In association with the 350th anniversary of the founding of Carolina, The Charleston Museum will present its Charleston 350 Commemoration Lecture Series featuring leading scholars in their respective fields looking at the early history of the colony that would become South Carolina. The lectures will examine the three cultures that came together to influence the area's early history – Native Americans, enslaved people and Europeans.
The series will kick off on Thursday, March 5th, at 6 pm with a lecture by Dr. Jon Marcoux, Director of the Clemson University and College of Charleston's joint Graduate Program in Historic Preservation. Marcoux will present “Lowcountry Life before Charles Towne: Native American Communities in 1669,” and discuss the peoples who were in South Carolina prior to the permanent arrival of Europeans.
On April 2nd, Dr. Daniel Littlefield, Carolina Professor of History at the University of South Carolina, will speak about the first enslaved people that were brought to Carolina and why the institution eventually thrived as it did in the colony.
To close out the lecture series, on May 7th, Dr. David Cranford, Assistant State Archaeologist for the North Carolina Department of Cultural and Natural Resources, will discuss the amalgamation of cultures, principally their influence on colonware, an important ceramic of the period with both Native American and African characteristics.

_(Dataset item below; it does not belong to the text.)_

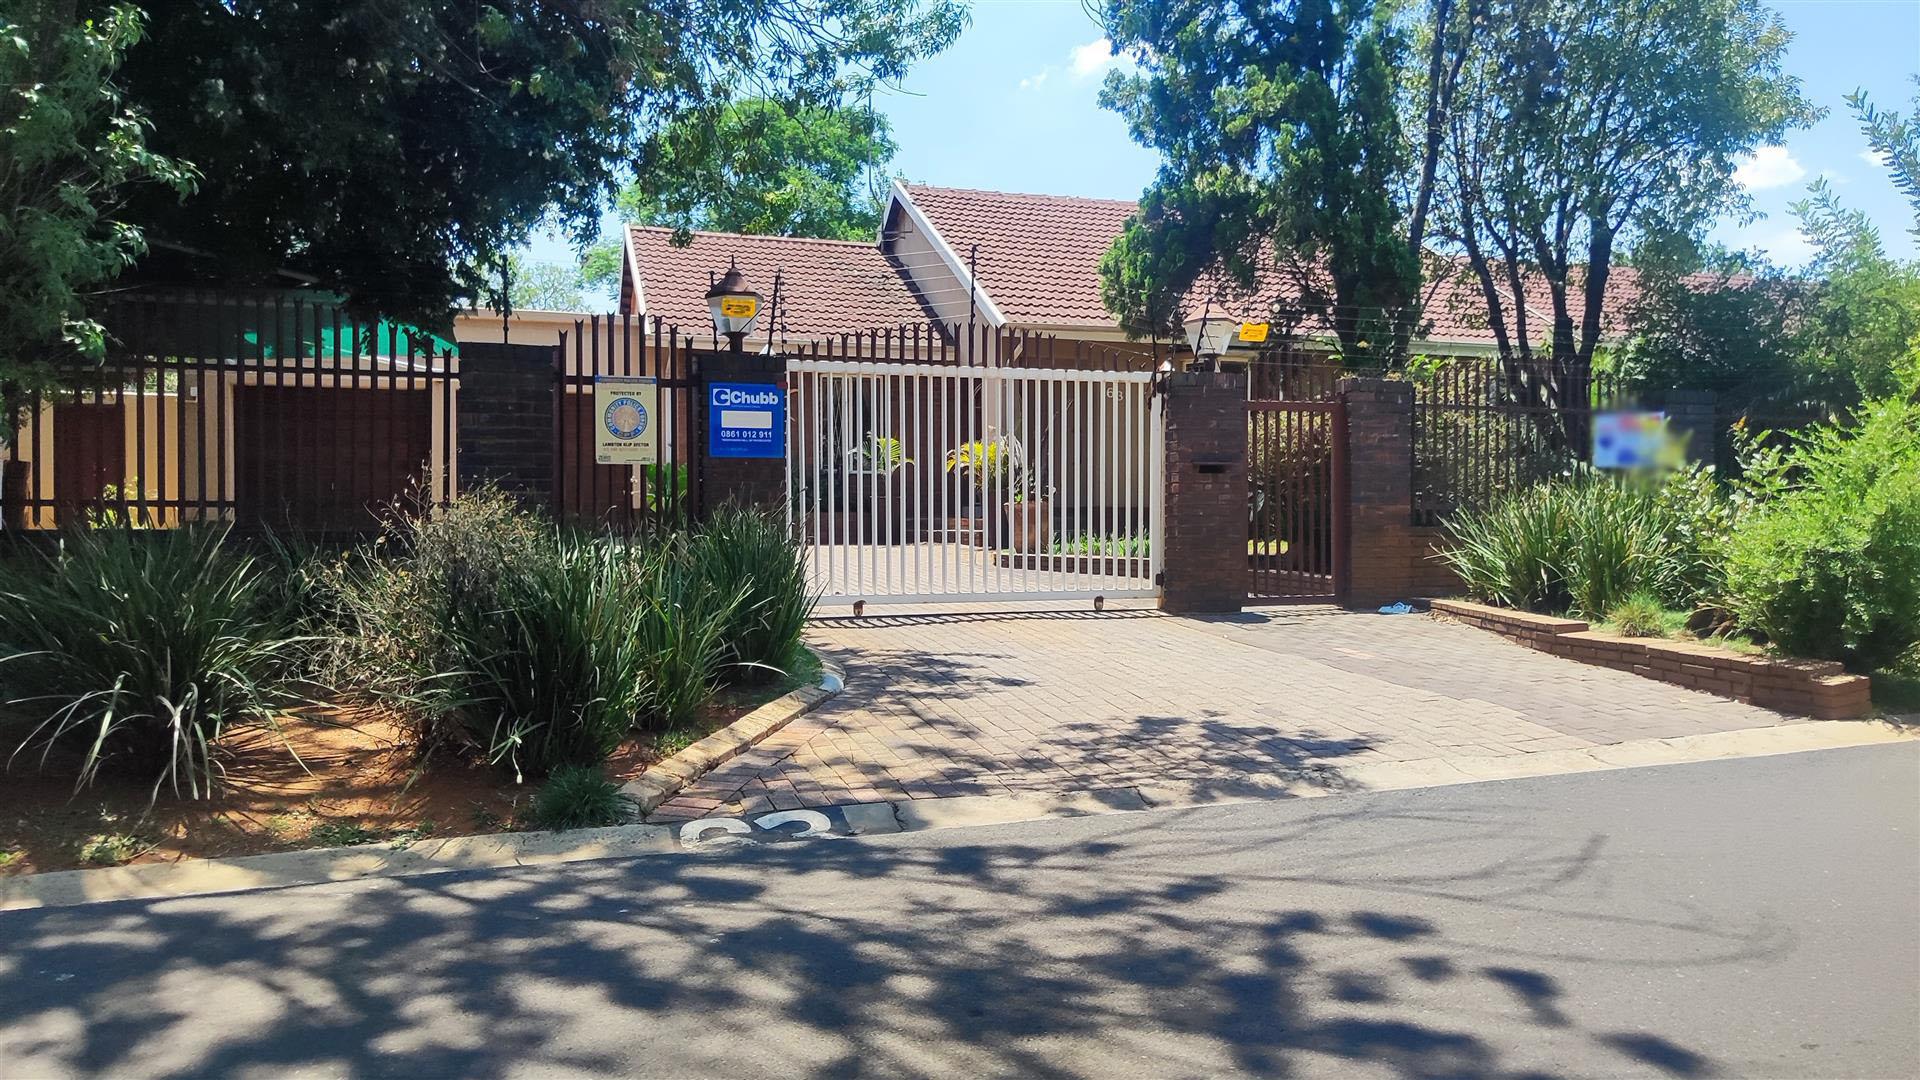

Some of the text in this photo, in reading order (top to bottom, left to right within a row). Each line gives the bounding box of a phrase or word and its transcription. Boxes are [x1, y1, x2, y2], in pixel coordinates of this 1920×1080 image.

[730, 390, 779, 405] Chubb
[721, 430, 772, 439] 0861 012 911
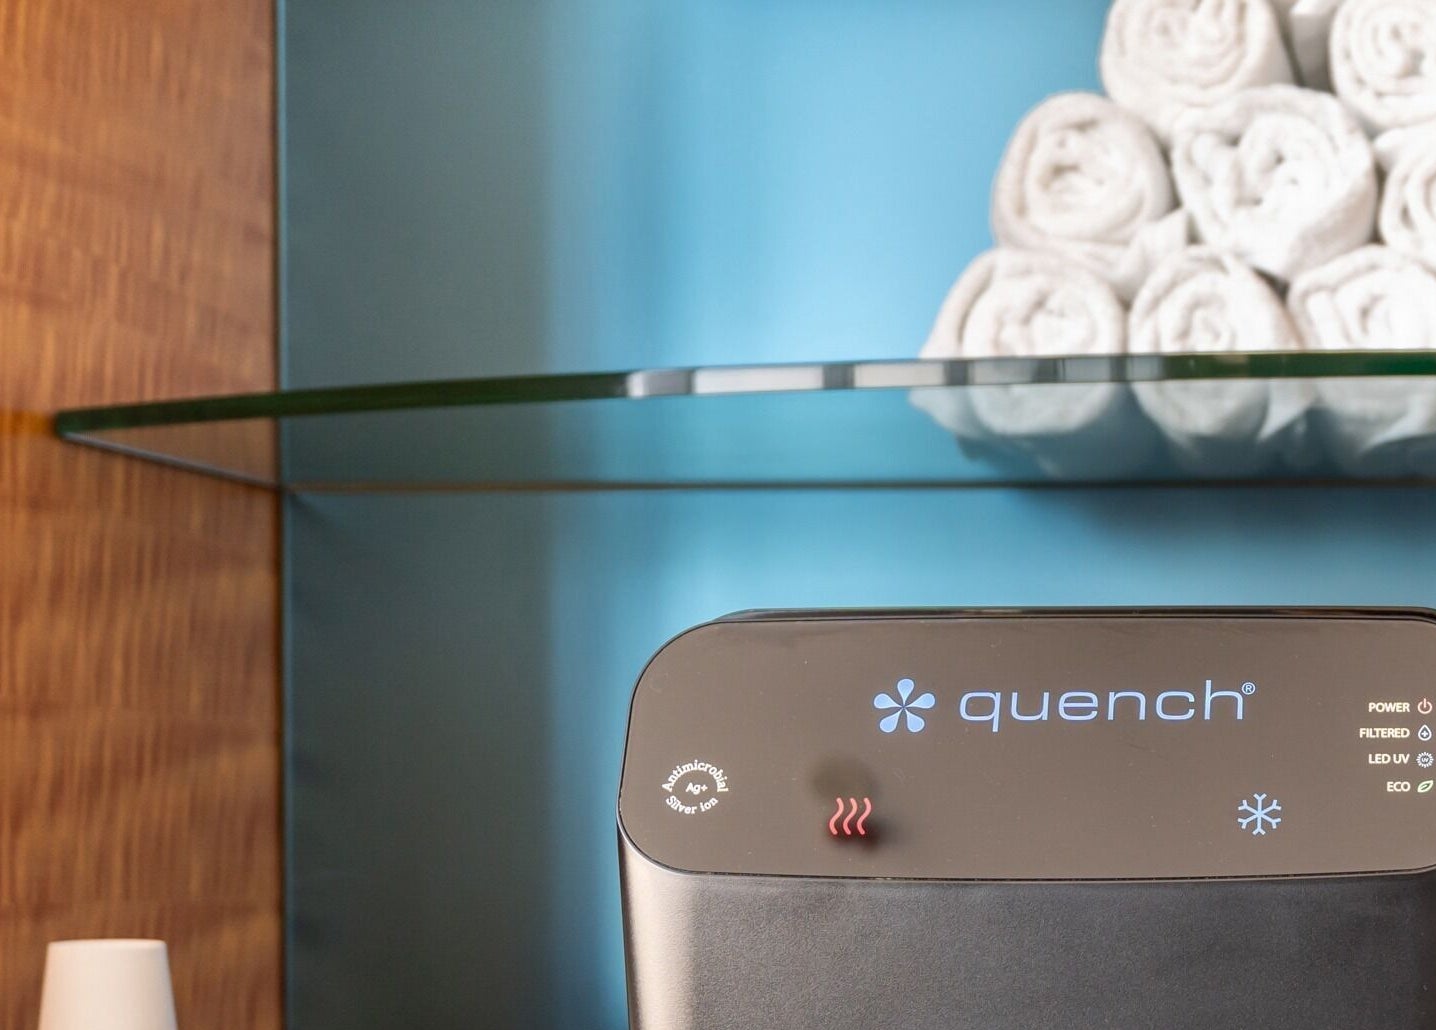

Carl Borick, Director of The Charleston Museum, notes that “we have invited scholars to speak about what South Carolina was like at the time it was colonized and how that affected its development culturally, socially and economically. We wanted to speak to the history of the founding of the colony, not solely from the perspective of European settlers, but from other voices who were central to that history. We see this as an excellent contribution to the 350th commemoration.”
All lectures will be at 6 pm in The Charleston Museum's Arthur M. Wilcox Auditorium and are free and open to the public. Registration is encouraged but not required.
Website information on March 5th lecture: http://bit.ly/3bOqmiE
Events at The Charleston Museum: https://www.charlestonmuseum.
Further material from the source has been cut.